How to Grow Melons

21 Nov.,2023

 

One of the greatest tasty treats of summer is a sweet, vine-ripened melon picked from your own garden. The quality is unsurpassed and will put to shame the bland shipping melons found in your local supermarket. Additionally, you have a much wider choice of varieties if you grow your own—from the tried-and-true cantaloupe to the more uncommon crenshaw, ananas, and galia. Lots of folks think that they can’t grow melons if they live in an area with short, cool summers, but that’s not the case. Melons can grow well in most parts of the lower 48 states. If I can successfully grow melons in central Maine, then almost anyone can do the same. The trick is picking the correct variety and getting your plants off to the right start.

Sow indoors, and use plastic mulch

Start your seeds indoors to ensure that you kick off the season with the strongest plants possible. You can direct-sow if you have to, but germination issues are more common with direct-sown plants as are problems with pests—such as cutworms, which love to feast on new melon seedlings. Sow, instead, two or three seeds ¼ inch deep in 50-cell flats or in 2- to 3-inch-diameter pots. The trick is to start the seeds no more than a month before transplanting; it’s much better to wait than to have oversize plants, which are fragile and prone to transplant shock. Maintain a temperature between 80°F and 90°F (using a seedling heat mat), and keep the soil moist but not wet until the seeds germinate. Once they sprout, you can drop the heat-mat temperature down to 75°F until the plants have put on a couple of sets of true leaves, which lets you know that they’re ready to transplant outside.

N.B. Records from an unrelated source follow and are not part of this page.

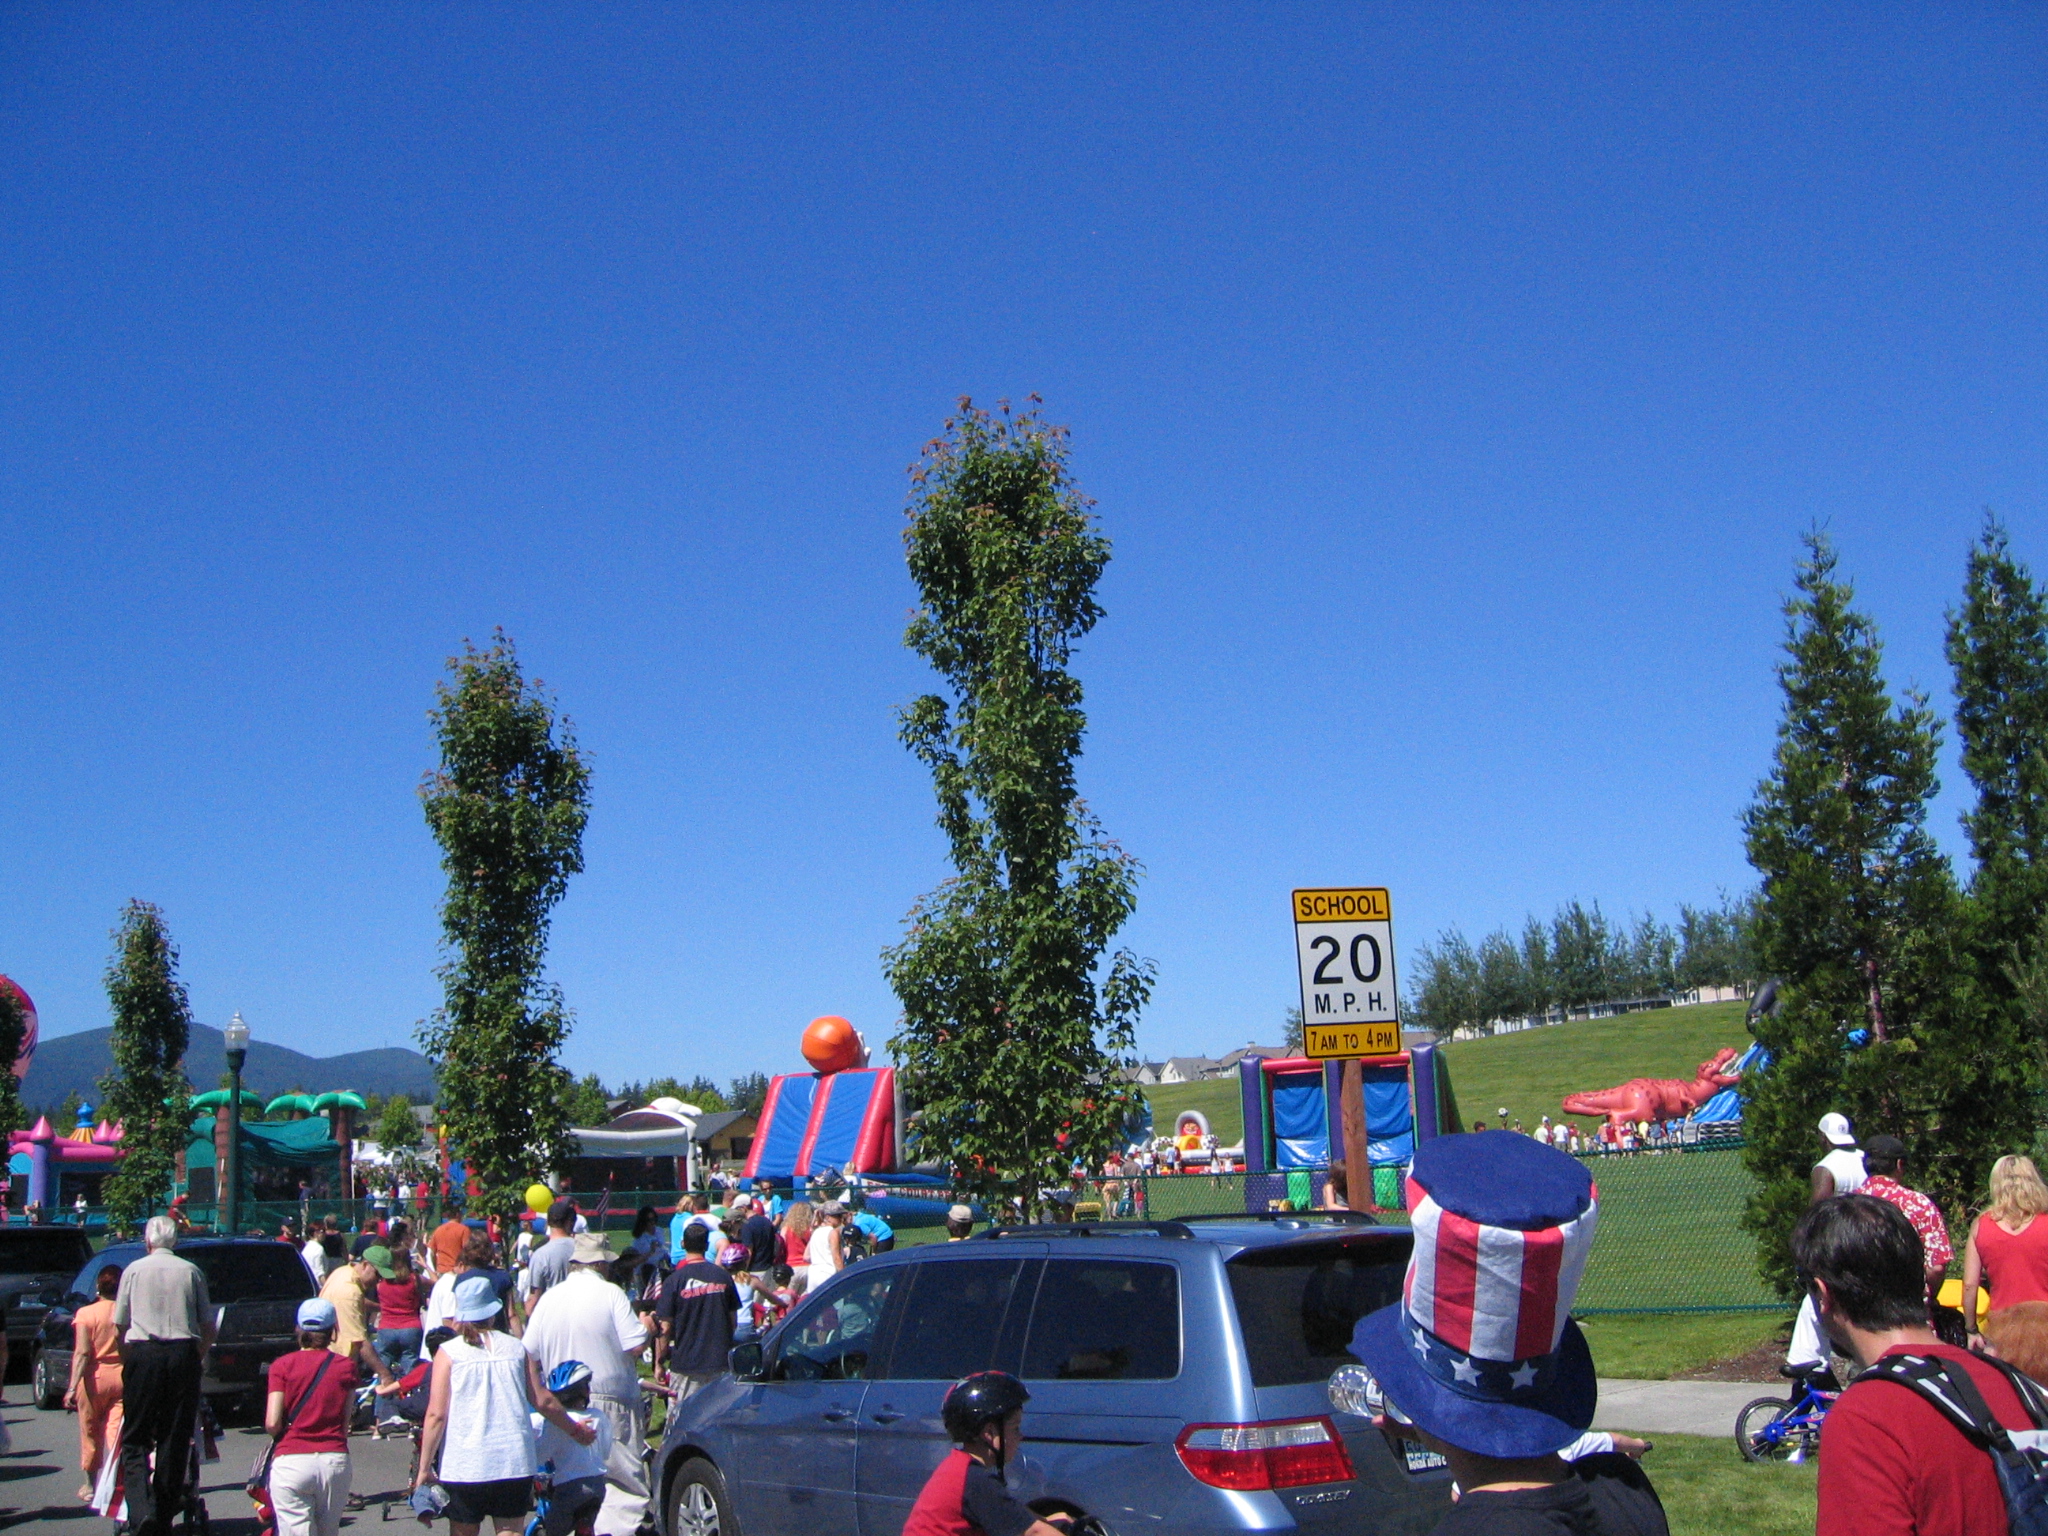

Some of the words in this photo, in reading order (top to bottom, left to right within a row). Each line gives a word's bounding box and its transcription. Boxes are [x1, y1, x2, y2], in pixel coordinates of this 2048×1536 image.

[1300, 895, 1384, 917] SCHOOL
[1310, 933, 1382, 985] 20
[1310, 1031, 1318, 1051] 7
[1320, 1034, 1338, 1051] AM
[1343, 1033, 1359, 1050] TO
[1366, 1028, 1373, 1048] 4
[1377, 1031, 1393, 1047] PM

After the danger of frost has passed and the weather is warm and settled, set the transplants 18 inches apart in rows that are 6 feet apart. Immediately water the plants, preferably with a fish-emulsion fertilizer (which is a great organic option that won’t burn the tender transplants), to give them an extra boost. Many gardeners, including myself, plant their melons through black agricultural plastic or other dark-colored mulch options. These mulches warm the soil, hasten maturity, and reduce weed pressure—all of which are issues that can be the cause of melon-growing failure.

Watch for pests and signs that it’s time to harvest

The most destructive pest of melons is the striped cucumber beetle. It can quickly destroy young plants as well as transmit bacterial leaf blight. The best control is to use floating row covers, which physically exclude the pest from your melon patch but allow rain and sunshine to reach the plants. Row covers should be installed immediately after planting, before the beetle can infest the plants. Hoops (to hold the covers aloft) are not needed. Using row covers is more effective and a lot less effort than spraying or handpicking insect pests. Additionally, they offer a few degrees of frost protection, and they accumulate heat—creating a mini greenhouse, of sorts—so the plants grow faster and mature earlier. This is key when growing melons in cool regions. Remove the covers when the plants begin flowering to allow bees and other insects to pollinate the crop.

In a couple of months, if everything goes right, you’ll start seeing beautiful melons appear and then ripen on your vines. Harvesting melons can be a bit tricky and is a combination of art and science. Some types of melons slip from the vine all on their own, and others must be cut. The information on your seed packet should specify what type of melon you are dealing with. When harvesting a new variety for the first time, however, it’s best to pick one fruit and test to see if it’s ripe before harvesting all of them.

Slip varieties are melons from which the fruit can be detached from the vine with a slight tug or gentle push of the thumb; cantaloupe is one such type. Forced-slip varieties are ready when the fruit can be detached with a firm push of the thumb. Cut-from-the-vine types must be physically removed from the plant using shears, pruners, or a sharp knife as they won’t slip. They are generally ready when the leaf or tendril closest to the stem has turned brown and the skins of the fruit have “warmed,” or colored up slightly. After that, all that is left to do is decide who will share in your delicious summer harvest.

There’s a Variety for Every Taste and Place

One of the best reasons to grow melons at home is the wide range of varieties available, most of which are rarely seen at the supermarket. The following offer amazing flavor, and some are even especially suited for growing in the more challenging areas of the country:

1. 

‘Arava’

Type: Galia

Days to maturity: 77

Galias are commonly grown in the Mideast as a gourmet treat. The heavily netted fruit are ready to harvest when the skin turns yellow and the fruit slip from the vine. The thick, sweet green flesh of ‘Arava’ is particularly aromatic.